Anamnesis
Varón de 74 años con antecedentes personales de dislipemia y fibrilación auricular a tratamiento con anticoagulantes orales. Intervenido de cataratas bilaterales y varicectomía. No conoce alergias medicamentosas. A seguimiento en consultas externas de Dermatología por psoriasis de años de evolución que trata con tópicos. Como hallazgo casual en una de las visitas se aprecian lesiones en ambas manos por las cuales el paciente no había consultado previamente. Refiere las lesiones como asintomáticas y de años de evolución, manteniéndose estables en tamaño y forma desde su aparición. No había realizado tratamiento. No refiere lesiones similares en el resto de la superficie corporal ni otra clínica asociada. A la anamnesis dirigida no relaciona con ningún desencadenante, pero sí refería haber trabajado como joyero, manipulando plata con frecuencia.

Exploración física
La exploración dermatológica muestra en dorso y pulpejos de dedos de ambas manos múltiples máculas, redondeadas, de aproximadamente 1 mm de diámetro, de color azul-grisáceo, que no desparecen a la vitropresión. A la dermatoscopia presentaban un patrón azul homogéneo. No lesiones similares en el resto de la superficie cutánea ni en mucosas. No alteraciones en el resto de la exploración física.

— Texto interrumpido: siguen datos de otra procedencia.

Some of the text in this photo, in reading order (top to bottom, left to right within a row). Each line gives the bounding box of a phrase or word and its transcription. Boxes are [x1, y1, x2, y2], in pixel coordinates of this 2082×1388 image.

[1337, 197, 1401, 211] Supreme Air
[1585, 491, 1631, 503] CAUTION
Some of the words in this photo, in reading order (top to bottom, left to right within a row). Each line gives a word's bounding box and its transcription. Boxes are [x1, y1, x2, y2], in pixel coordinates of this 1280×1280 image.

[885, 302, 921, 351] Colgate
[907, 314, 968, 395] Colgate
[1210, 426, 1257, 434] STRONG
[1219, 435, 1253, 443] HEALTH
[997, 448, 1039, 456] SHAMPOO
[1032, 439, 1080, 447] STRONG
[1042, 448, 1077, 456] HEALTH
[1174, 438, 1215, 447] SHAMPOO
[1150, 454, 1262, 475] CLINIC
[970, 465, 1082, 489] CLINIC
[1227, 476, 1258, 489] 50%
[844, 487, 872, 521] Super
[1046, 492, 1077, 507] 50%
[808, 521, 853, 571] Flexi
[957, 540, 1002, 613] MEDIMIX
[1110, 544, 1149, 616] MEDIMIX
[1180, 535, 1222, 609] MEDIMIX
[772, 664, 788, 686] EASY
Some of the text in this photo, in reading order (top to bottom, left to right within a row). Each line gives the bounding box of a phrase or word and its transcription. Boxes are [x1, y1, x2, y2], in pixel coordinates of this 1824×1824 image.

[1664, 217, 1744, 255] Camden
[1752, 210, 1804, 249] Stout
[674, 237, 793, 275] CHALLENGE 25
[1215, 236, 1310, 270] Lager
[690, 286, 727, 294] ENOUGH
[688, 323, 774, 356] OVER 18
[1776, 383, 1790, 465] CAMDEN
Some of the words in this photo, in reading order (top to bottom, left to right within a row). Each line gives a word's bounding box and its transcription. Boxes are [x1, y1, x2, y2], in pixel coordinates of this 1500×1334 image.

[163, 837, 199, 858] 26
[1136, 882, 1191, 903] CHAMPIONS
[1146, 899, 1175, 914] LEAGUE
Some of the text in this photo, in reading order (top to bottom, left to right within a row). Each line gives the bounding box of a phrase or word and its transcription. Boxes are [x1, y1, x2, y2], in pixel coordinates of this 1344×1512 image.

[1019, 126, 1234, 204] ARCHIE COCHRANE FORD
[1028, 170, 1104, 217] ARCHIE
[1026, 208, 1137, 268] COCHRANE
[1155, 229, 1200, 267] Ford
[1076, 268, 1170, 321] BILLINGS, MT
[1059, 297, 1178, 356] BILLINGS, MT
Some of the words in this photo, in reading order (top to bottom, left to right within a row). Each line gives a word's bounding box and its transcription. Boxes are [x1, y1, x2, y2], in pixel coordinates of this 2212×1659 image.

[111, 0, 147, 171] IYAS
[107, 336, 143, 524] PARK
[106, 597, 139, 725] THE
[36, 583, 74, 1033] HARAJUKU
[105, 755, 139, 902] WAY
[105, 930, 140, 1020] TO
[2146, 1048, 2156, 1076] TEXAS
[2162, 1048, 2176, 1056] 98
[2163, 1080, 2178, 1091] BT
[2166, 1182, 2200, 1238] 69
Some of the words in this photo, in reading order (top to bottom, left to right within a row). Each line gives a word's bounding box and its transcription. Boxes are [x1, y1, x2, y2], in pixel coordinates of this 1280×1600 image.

Exploraciones complementarias
El paciente había realizado analítica de orina y sangre que incluía hematimetría, coagulación y bioquímica que no mostraban alteraciones significativas.
Se decidió realizar una biopsia de una de las lesiones que mostraba presencia de depósitos de pigmento negruzco en forma de gránulos y hebras localizados en la dermis papilar. Se disponen tanto en el interior de los histiocitos como entre fibras elásticas y colágenas. No se acompaña de respuesta inflamatoria. La epidermis no muestra alteraciones y el pigmento no se tiñe Perl"s ni con Masson Fontana. La biopsia es compatible con argiria.

Diagnóstico
Nos encontramos ante un paciente con lesiones en dedos de manos, asintomáticas, de años de evolución, por la cuales no había consultado previamente. Entre sus antecedentes destacaba el haber trabajado como platero. Se sospechó de una argiria cutánea localizada por lo que se realizó una biopsia que confirmó el diagnóstico. La anamnesis, la anatomía patológica y la clínica son claves para realizar un correcto diagnóstico de esta entidad y descartar cuadros con una clínica similar como por ejemplo las metástasis de melanoma, nevus azules, lesiones vasculares u otros cuadros de pigmentación exógena como tatuajes.

Tratamiento y evolución
La argiria cutánea localizada en una entidad de naturaleza benigna que no precisa tratamiento. Las lesiones tienen tendencia a persistir en el tiempo. Actualmente el paciente continúa a seguimiento en consultas debido a la psoriasis sin que se evidenciaran cambios en las lesiones de argiria.